*Assignment*
Write out each record in full and exactly as given. Skip any pictures.
[Start of Attachment]
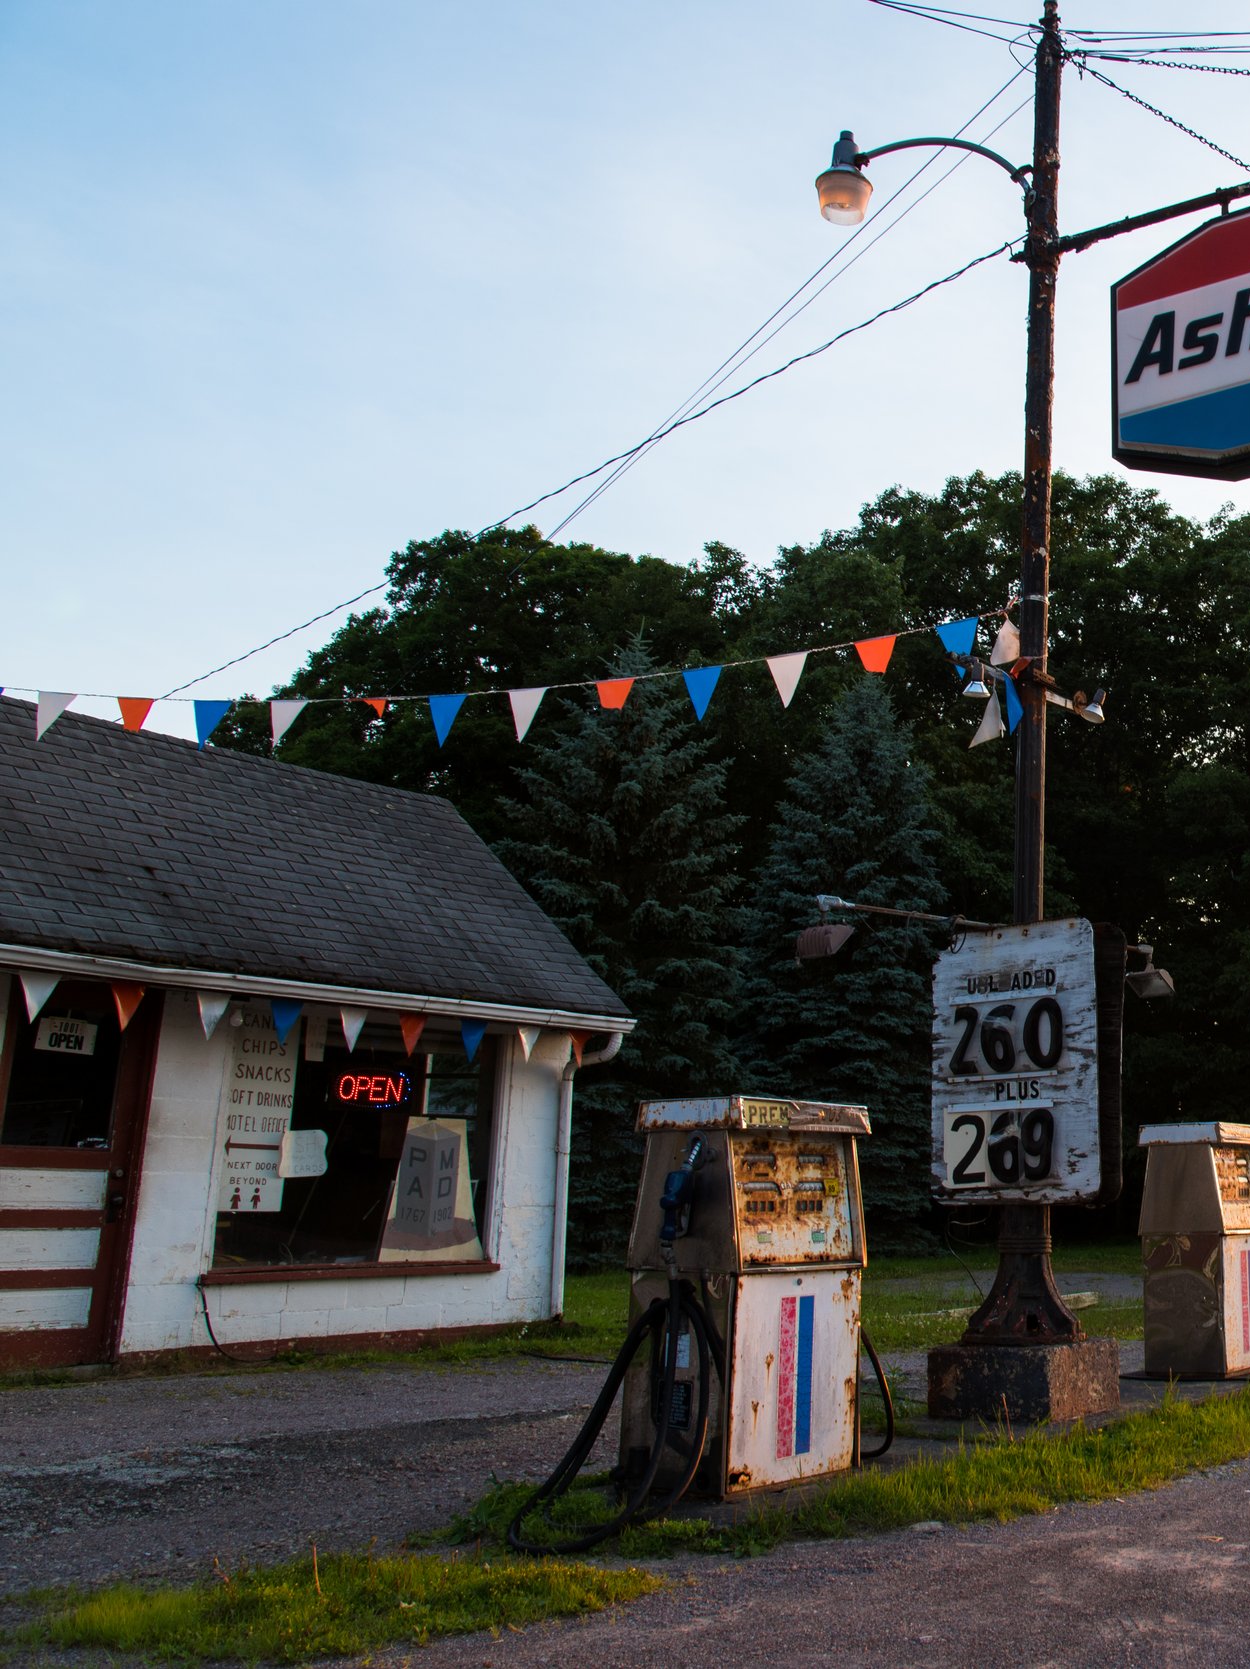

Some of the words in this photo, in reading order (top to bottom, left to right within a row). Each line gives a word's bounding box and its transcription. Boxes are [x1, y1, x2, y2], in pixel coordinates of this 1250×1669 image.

[967, 968, 1056, 995] ULADED
[243, 1013, 275, 1031] CAN
[48, 1032, 84, 1050] OPEN
[950, 997, 1063, 1075] 260
[242, 1038, 288, 1057] CHIPS
[235, 1063, 291, 1084] SNACKS
[338, 1074, 403, 1102] OPEN
[995, 1079, 1041, 1101] PLUS
[229, 1088, 253, 1106] OFT
[257, 1091, 293, 1109] DRINKS
[748, 1105, 789, 1124] PREM
[261, 1116, 289, 1134] OFFICE
[950, 1108, 1055, 1185] 269
[227, 1161, 252, 1170] NEXT
[255, 1162, 277, 1171] DOOR
[229, 1176, 267, 1186] BEYOND
[401, 1206, 426, 1223] 1767
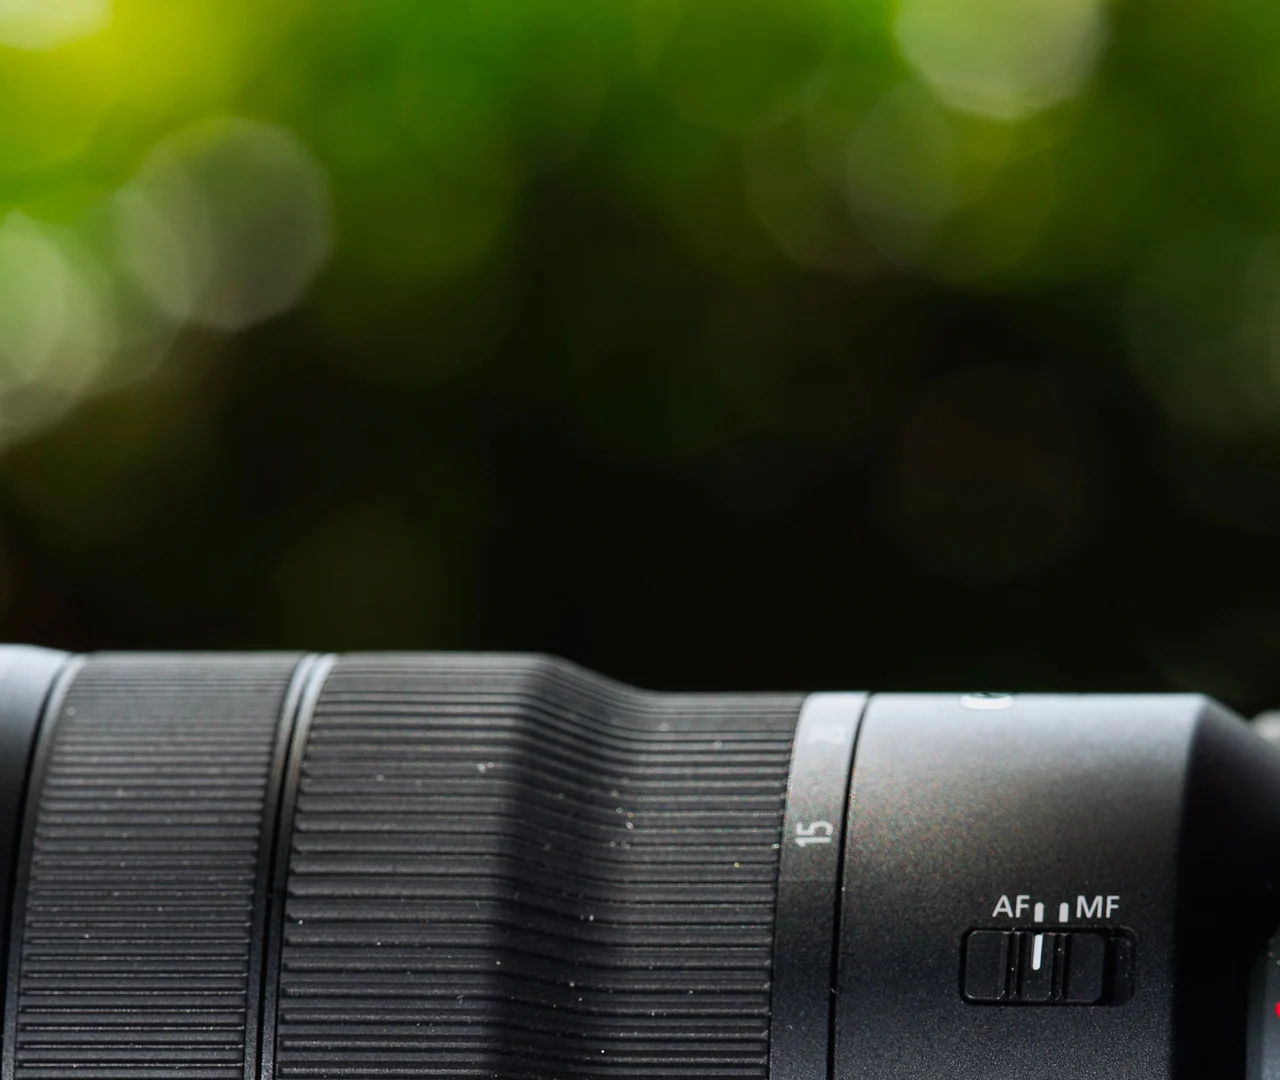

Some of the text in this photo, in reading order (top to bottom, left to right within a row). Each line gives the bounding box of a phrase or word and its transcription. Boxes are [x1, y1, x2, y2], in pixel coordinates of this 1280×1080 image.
[End of Attachment]
*Expected answer*
Some of the words in this photo, in reading order (top to bottom, left to right within a row). Each line gives a word's bounding box and its transcription. Boxes are [x1, y1, x2, y2], in pixel coordinates of this 1250×1669 image.

[967, 968, 1056, 995] ULADED
[243, 1013, 275, 1031] CAN
[48, 1032, 84, 1050] OPEN
[950, 997, 1063, 1075] 260
[242, 1038, 288, 1057] CHIPS
[235, 1063, 291, 1084] SNACKS
[338, 1074, 403, 1102] OPEN
[995, 1079, 1041, 1101] PLUS
[229, 1088, 253, 1106] OFT
[257, 1091, 293, 1109] DRINKS
[748, 1105, 789, 1124] PREM
[261, 1116, 289, 1134] OFFICE
[950, 1108, 1055, 1185] 269
[227, 1161, 252, 1170] NEXT
[255, 1162, 277, 1171] DOOR
[229, 1176, 267, 1186] BEYOND
[401, 1206, 426, 1223] 1767

Some of the text in this photo, in reading order (top to bottom, left to right within a row). Each line gives the bounding box of a phrase or word and its transcription. Boxes are [x1, y1, x2, y2], in pixel coordinates of this 1280×1080 image.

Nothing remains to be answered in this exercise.